Mohon tunggu...
Ikram Aswad Fausy
Ikram Aswad Fausy Mohon Tunggu... -

Telkom Univesity

Selanjutnya

Tutup

Olahraga

Perjalananku

28 Maret 2014   23:55 Diperbarui: 24 Juni 2015   00:20 30
+
Laporkan Konten
Laporkan Akun
Kompasiana adalah platform blog. Konten ini menjadi tanggung jawab bloger dan tidak mewakili pandangan redaksi Kompas.
Lihat foto
Bagikan ide kreativitasmu dalam bentuk konten di Kompasiana | Sumber gambar: Freepik

Perjalanan-Ku

Saya ingin menceritakan tentang pengalaman saya ke suatu tempat yang sangat sempurna menurut saya, yaitu persiapan perjalanan ke lembah ramma. Lembah ramma terletak di Sulawesi Selatan dan berada di kaki gunung bawakaraeng.
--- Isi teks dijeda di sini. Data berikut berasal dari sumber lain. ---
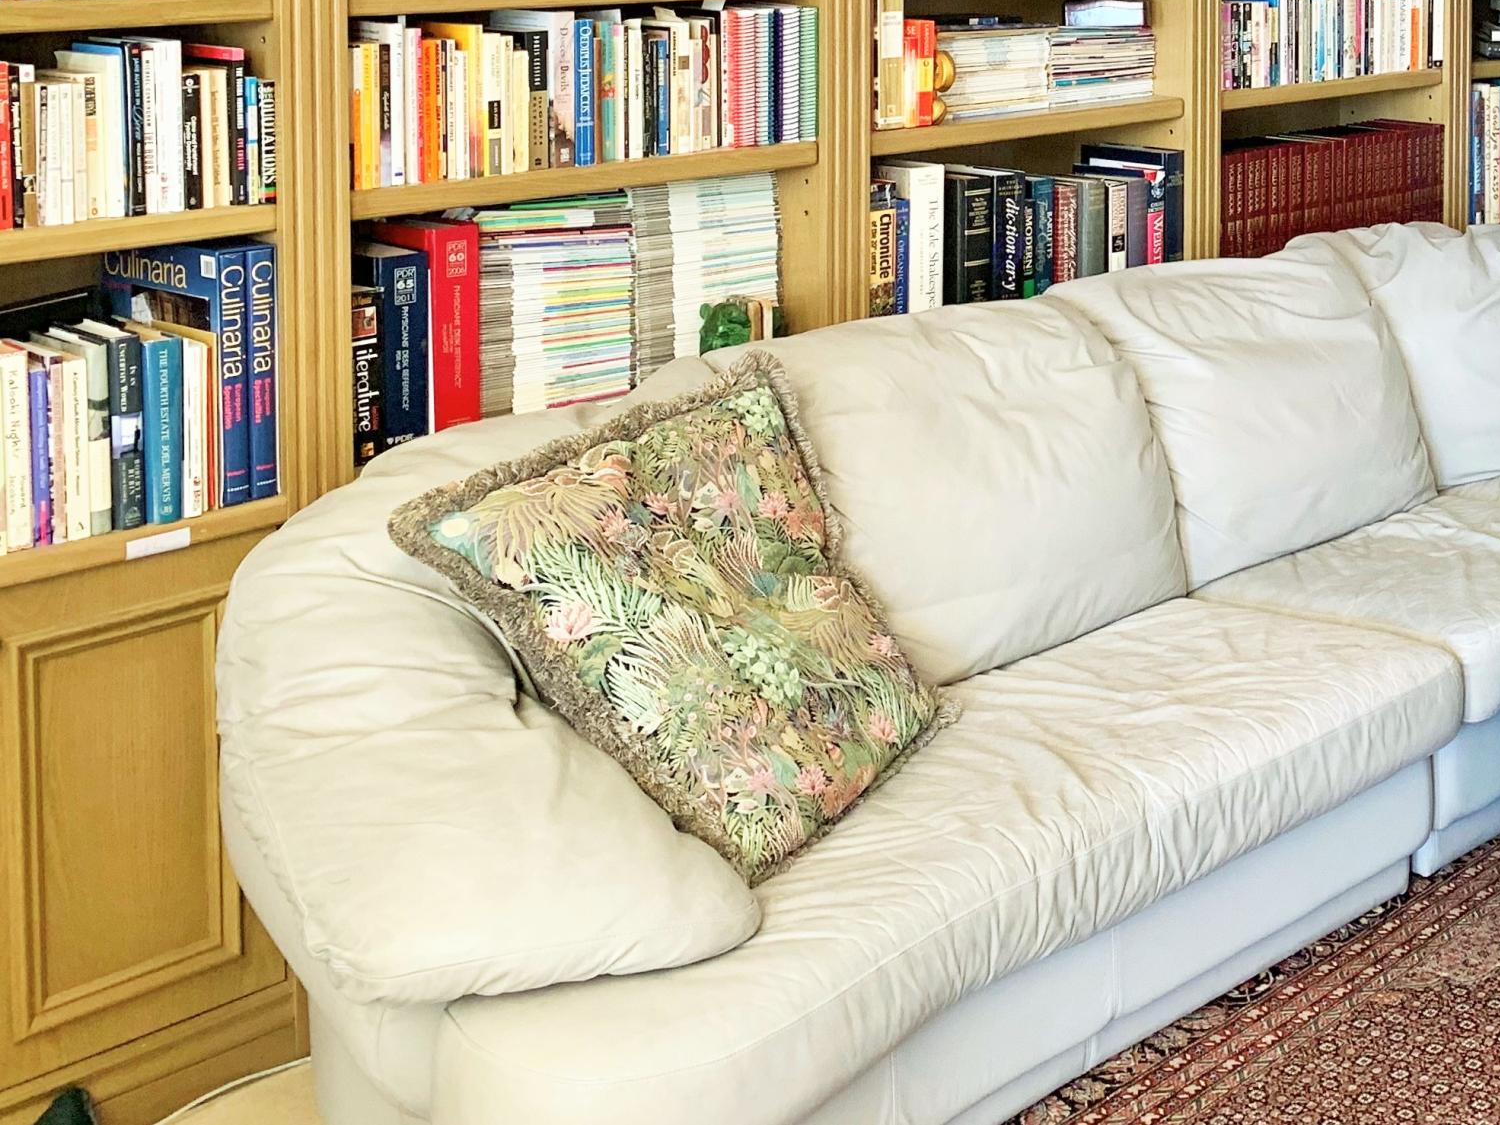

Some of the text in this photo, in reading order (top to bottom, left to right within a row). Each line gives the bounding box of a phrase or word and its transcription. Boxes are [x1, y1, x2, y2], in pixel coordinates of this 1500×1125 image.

Ini adalah pendakian pertama saya dan pada saat itu saya juga baru memasuki kelompok pecinta alam di sekolah saya. Entah kenapa saya ikut terjerumus ke tempat yang ingin mencintai alamnya sendiri, mungkin karena saya ingin ikut peduli terhadap dunia yang kita cintai dan lindungi bersama ini.

Semenjak saya resmi masuk sebagai pecinta alam tersebut. Saya dan teman-teman saya merencanakan sebuah pendakian pertama sebagai pecinta alam. Kita merencanakan suatu hal yang tak mungkin dilupakan untuk masa yang akan datang.

Mulailah saya dan teman saya mencari peralatan-peralatan mendaki. Entah itu pinjam ke teman yang punya, membeli barang tersebut, ataupun menyewa di tempat penyewaan alat mendaki. Langkah pertama ini bisa dibilang susah terapi begitu banyak yang bisa jadi bahan cerita. Kita tertawa bersama dan sedih bersama karena ada seorang teman kami yang belum mendapat sebuah sepasang sepatu mendaki.

Kata seorang senior kami “Kalian harusnya olahraga dulu atau lari keliling lapangan agar kekuatan fisik kalian bisa lebih dari biasanya dan dapat berjalan sangat jauh sehingga bisa mendaki gunung yang ingin kalian daki”. Kita semua bingung dan kaget, betapa capeknya dan susahnya persiapan untuk mendaki gunung tapi mau tidak mau kita harus menuruti kakak senior kami yang lebih berpengalaman tentang mendaki gunung daripada kami yang baru saja mengetahui tentang mendaki gunung.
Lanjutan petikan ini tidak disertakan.